[Provided information]

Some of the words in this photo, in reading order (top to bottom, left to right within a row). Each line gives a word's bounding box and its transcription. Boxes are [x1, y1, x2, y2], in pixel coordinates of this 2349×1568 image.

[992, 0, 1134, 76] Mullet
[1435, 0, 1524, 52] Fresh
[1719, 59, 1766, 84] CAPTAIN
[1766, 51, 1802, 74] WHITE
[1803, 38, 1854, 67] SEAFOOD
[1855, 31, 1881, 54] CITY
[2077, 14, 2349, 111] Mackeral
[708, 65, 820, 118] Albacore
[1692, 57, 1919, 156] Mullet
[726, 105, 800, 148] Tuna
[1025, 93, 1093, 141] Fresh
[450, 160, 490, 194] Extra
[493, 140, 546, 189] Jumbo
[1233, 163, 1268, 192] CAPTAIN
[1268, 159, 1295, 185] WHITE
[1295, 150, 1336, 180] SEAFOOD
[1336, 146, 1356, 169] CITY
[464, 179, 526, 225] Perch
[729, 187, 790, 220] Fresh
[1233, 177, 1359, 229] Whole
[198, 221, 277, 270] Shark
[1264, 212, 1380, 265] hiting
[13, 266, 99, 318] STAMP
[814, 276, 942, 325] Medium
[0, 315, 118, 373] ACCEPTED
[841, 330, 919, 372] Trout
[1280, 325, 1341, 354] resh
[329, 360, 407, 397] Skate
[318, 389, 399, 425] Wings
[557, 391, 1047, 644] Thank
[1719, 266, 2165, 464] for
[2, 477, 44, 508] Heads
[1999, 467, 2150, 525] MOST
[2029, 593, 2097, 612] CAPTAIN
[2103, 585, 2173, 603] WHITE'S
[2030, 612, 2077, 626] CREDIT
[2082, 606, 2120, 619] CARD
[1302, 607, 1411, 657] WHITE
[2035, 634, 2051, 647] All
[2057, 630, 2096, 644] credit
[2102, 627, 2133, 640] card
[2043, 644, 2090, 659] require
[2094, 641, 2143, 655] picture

[/Provided information]

### Exercise objective
Every line of the data that holds "Fresh" should be counted, and only the total given.

### Solution
3